**What you should do:** The answer should consist of the records below, repeated exactly, and no pictures.

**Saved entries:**
___

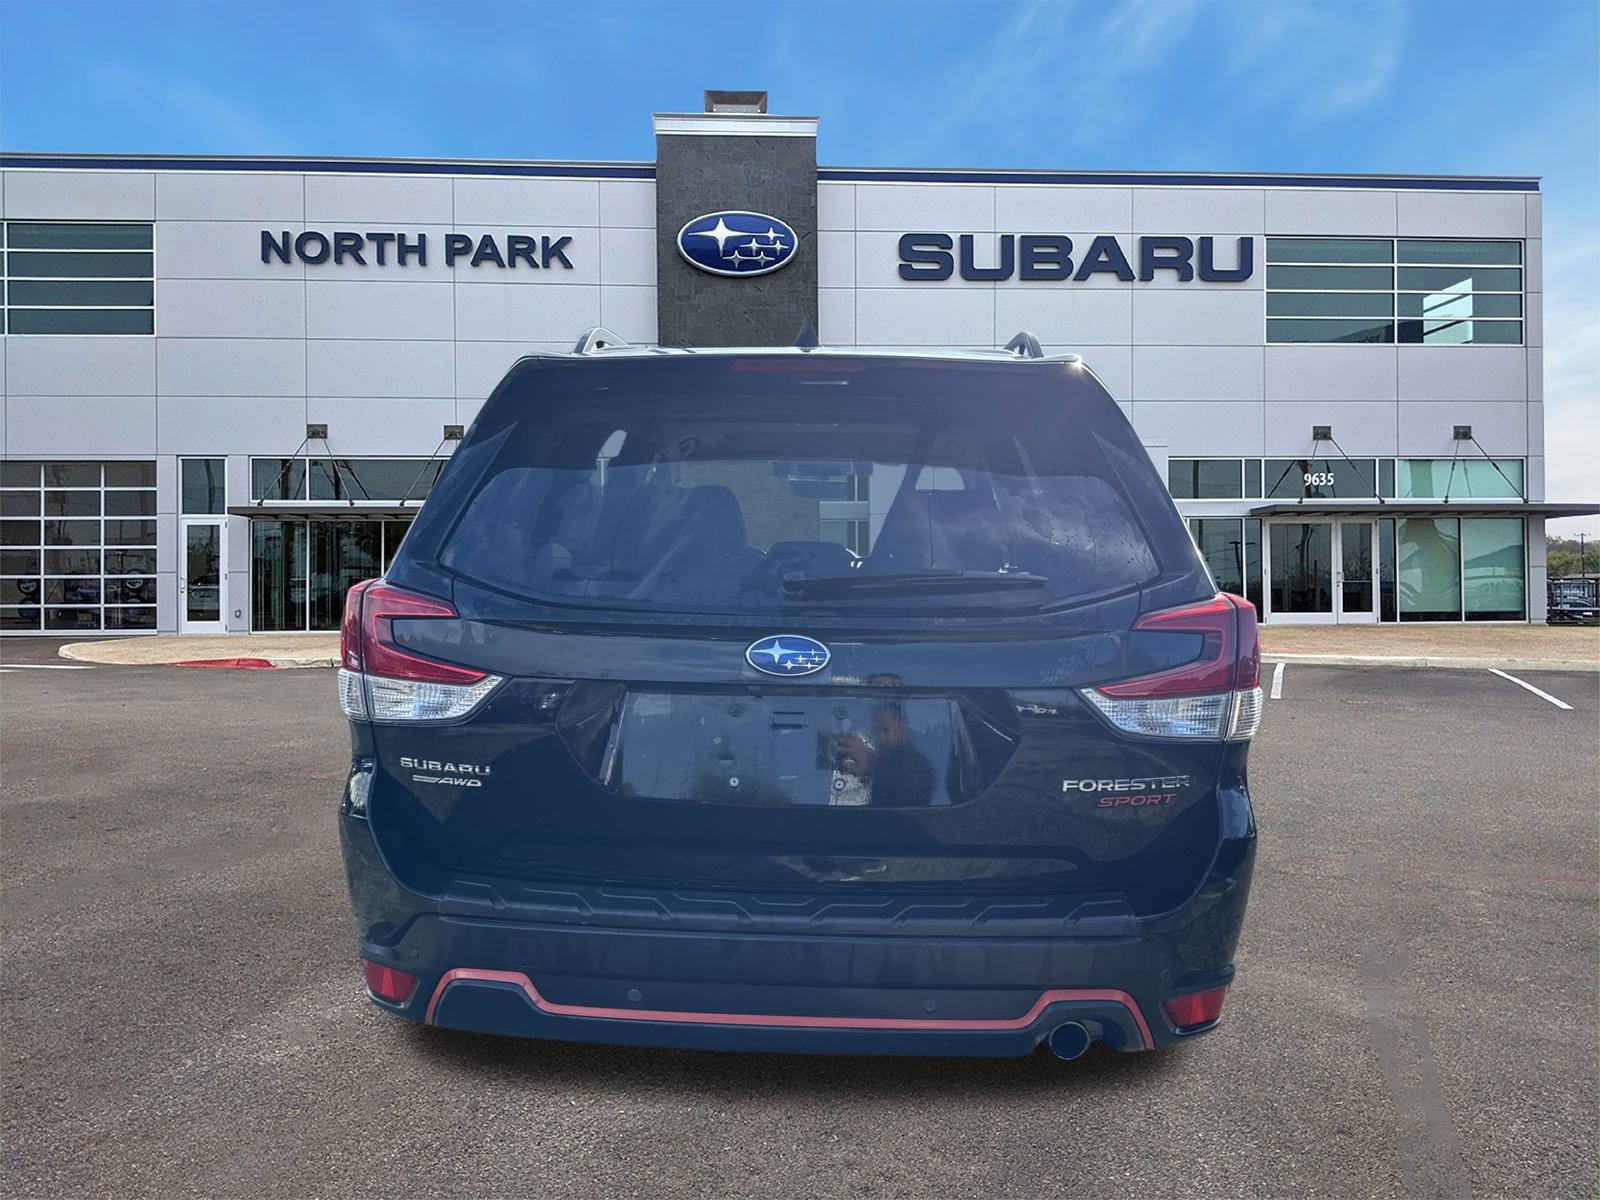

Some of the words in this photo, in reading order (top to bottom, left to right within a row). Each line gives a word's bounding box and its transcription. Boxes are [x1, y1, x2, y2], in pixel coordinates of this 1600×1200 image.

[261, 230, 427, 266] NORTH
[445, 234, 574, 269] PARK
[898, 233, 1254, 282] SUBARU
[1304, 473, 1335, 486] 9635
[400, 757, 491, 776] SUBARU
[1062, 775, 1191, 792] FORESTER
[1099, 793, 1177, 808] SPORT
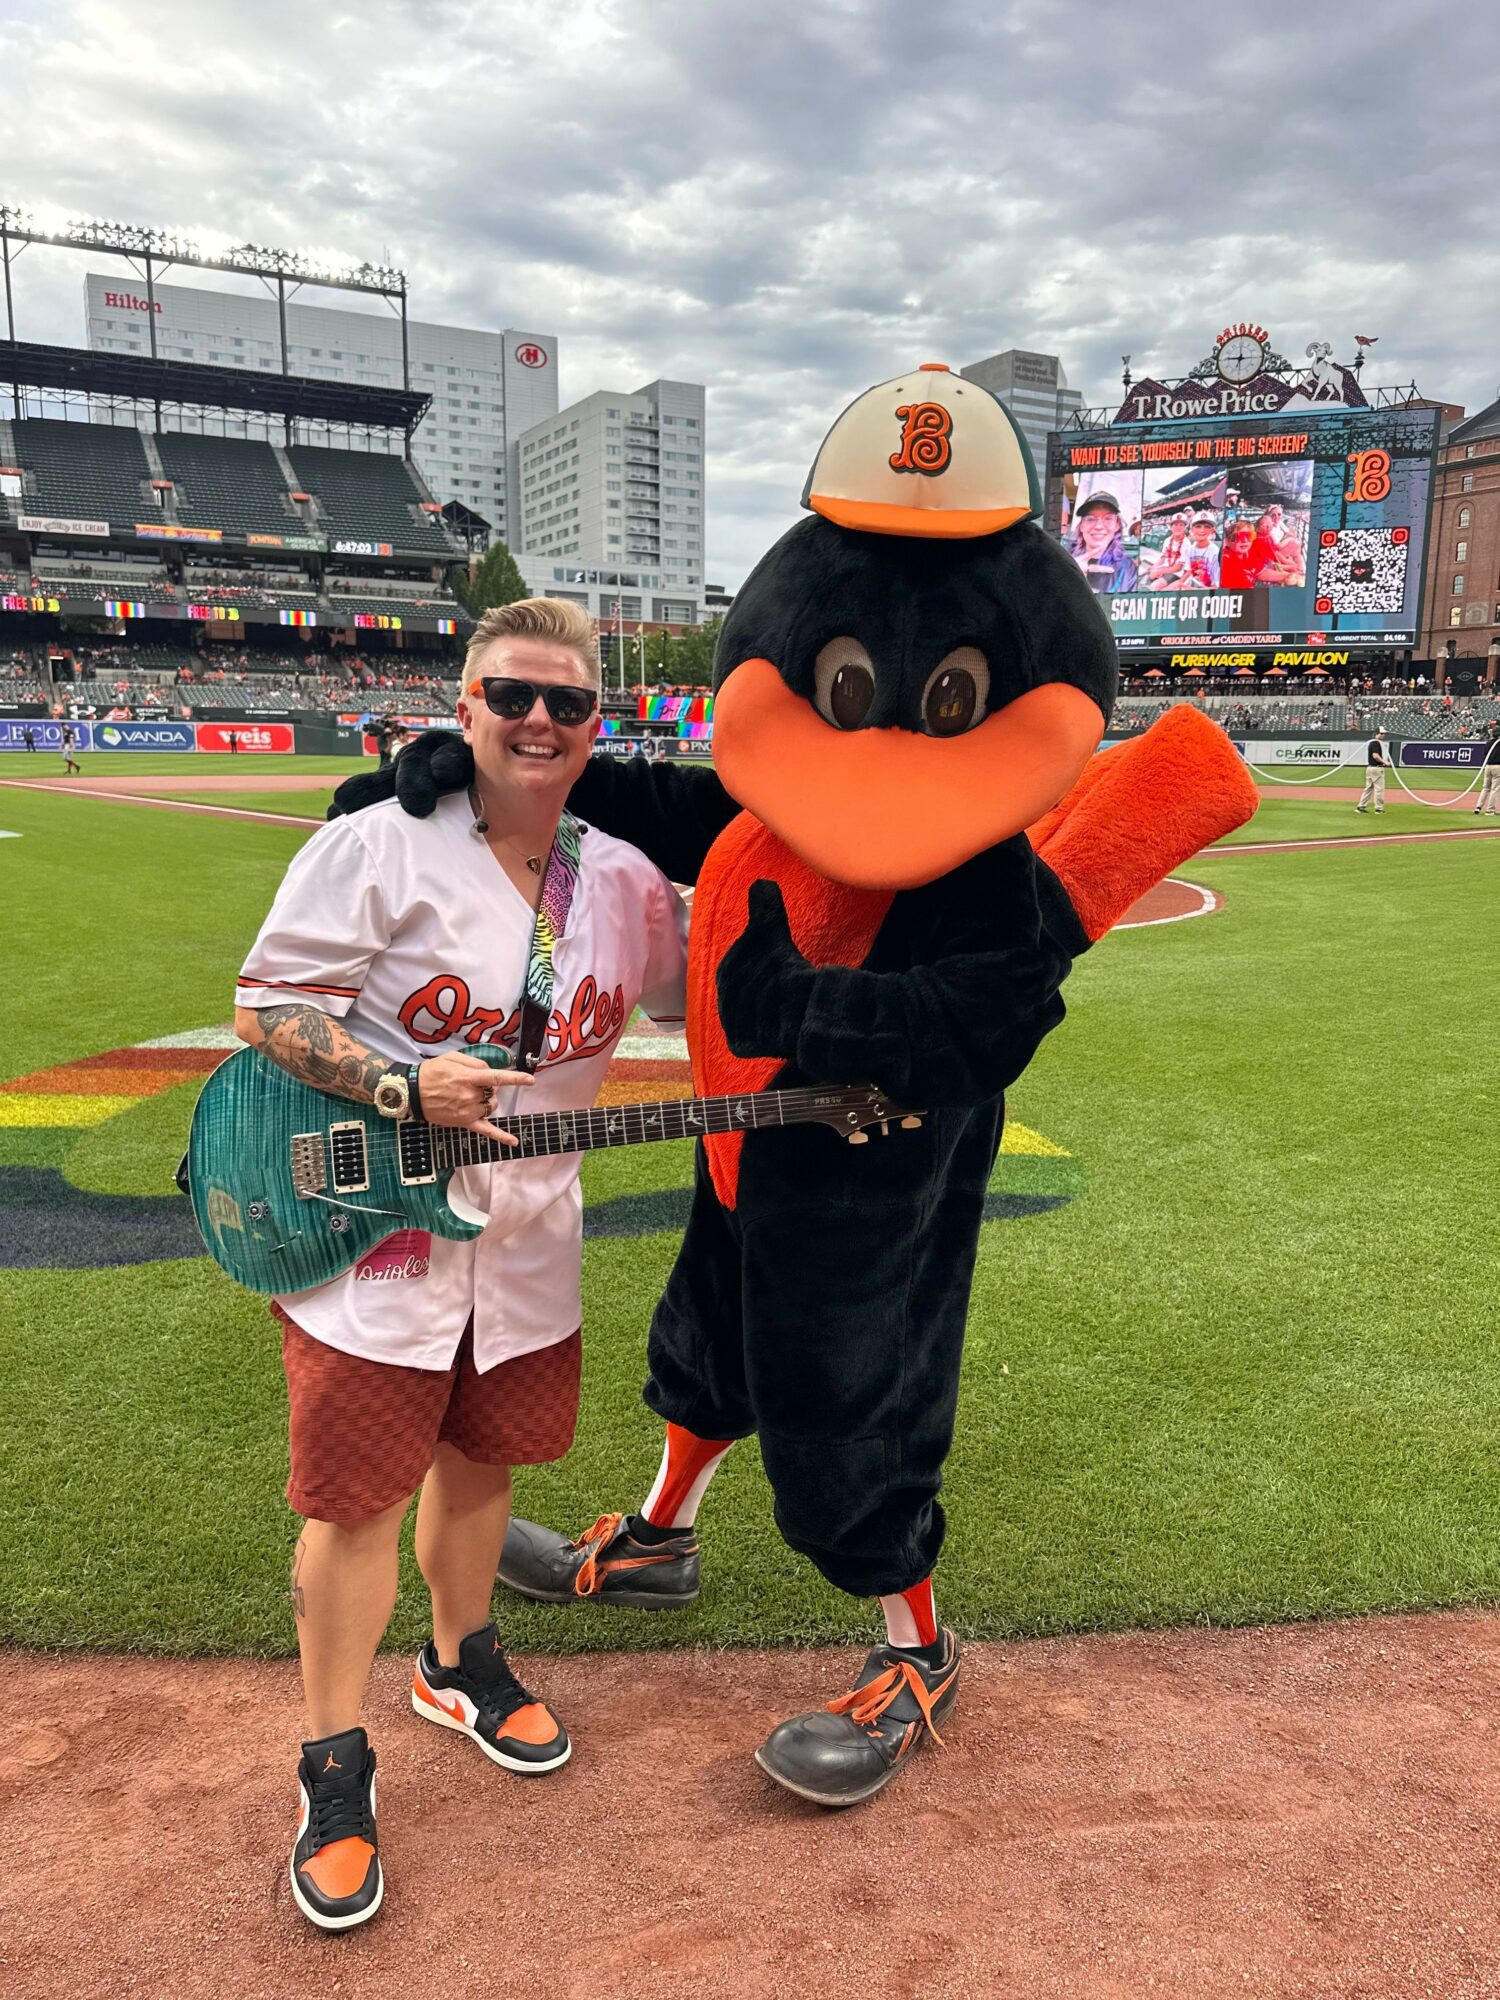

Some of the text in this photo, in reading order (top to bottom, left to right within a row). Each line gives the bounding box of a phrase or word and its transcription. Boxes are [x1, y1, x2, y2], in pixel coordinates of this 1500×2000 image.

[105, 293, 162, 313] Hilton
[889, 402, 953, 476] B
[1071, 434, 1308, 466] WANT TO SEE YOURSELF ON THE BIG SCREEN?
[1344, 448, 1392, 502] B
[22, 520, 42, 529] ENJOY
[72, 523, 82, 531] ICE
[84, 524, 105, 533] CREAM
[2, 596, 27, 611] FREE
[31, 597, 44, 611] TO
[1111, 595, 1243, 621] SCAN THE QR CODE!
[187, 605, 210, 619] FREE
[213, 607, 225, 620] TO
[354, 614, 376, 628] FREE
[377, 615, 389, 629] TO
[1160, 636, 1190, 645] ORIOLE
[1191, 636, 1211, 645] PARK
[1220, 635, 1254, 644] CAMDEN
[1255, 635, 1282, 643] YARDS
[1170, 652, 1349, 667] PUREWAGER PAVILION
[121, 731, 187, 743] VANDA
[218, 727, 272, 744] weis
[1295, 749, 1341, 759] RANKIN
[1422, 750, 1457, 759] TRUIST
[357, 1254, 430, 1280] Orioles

___

**Solution to this task:**
Some of the words in this photo, in reading order (top to bottom, left to right within a row). Each line gives a word's bounding box and its transcription. Boxes are [x1, y1, x2, y2], in pixel coordinates of this 1600×1200 image.

[261, 230, 427, 266] NORTH
[445, 234, 574, 269] PARK
[898, 233, 1254, 282] SUBARU
[1304, 473, 1335, 486] 9635
[400, 757, 491, 776] SUBARU
[1062, 775, 1191, 792] FORESTER
[1099, 793, 1177, 808] SPORT

Some of the text in this photo, in reading order (top to bottom, left to right within a row). Each line gives the bounding box of a phrase or word and its transcription. Boxes are [x1, y1, x2, y2], in pixel coordinates of this 1500×2000 image.

[105, 293, 162, 313] Hilton
[889, 402, 953, 476] B
[1071, 434, 1308, 466] WANT TO SEE YOURSELF ON THE BIG SCREEN?
[1344, 448, 1392, 502] B
[22, 520, 42, 529] ENJOY
[72, 523, 82, 531] ICE
[84, 524, 105, 533] CREAM
[2, 596, 27, 611] FREE
[31, 597, 44, 611] TO
[1111, 595, 1243, 621] SCAN THE QR CODE!
[187, 605, 210, 619] FREE
[213, 607, 225, 620] TO
[354, 614, 376, 628] FREE
[377, 615, 389, 629] TO
[1160, 636, 1190, 645] ORIOLE
[1191, 636, 1211, 645] PARK
[1220, 635, 1254, 644] CAMDEN
[1255, 635, 1282, 643] YARDS
[1170, 652, 1349, 667] PUREWAGER PAVILION
[121, 731, 187, 743] VANDA
[218, 727, 272, 744] weis
[1295, 749, 1341, 759] RANKIN
[1422, 750, 1457, 759] TRUIST
[357, 1254, 430, 1280] Orioles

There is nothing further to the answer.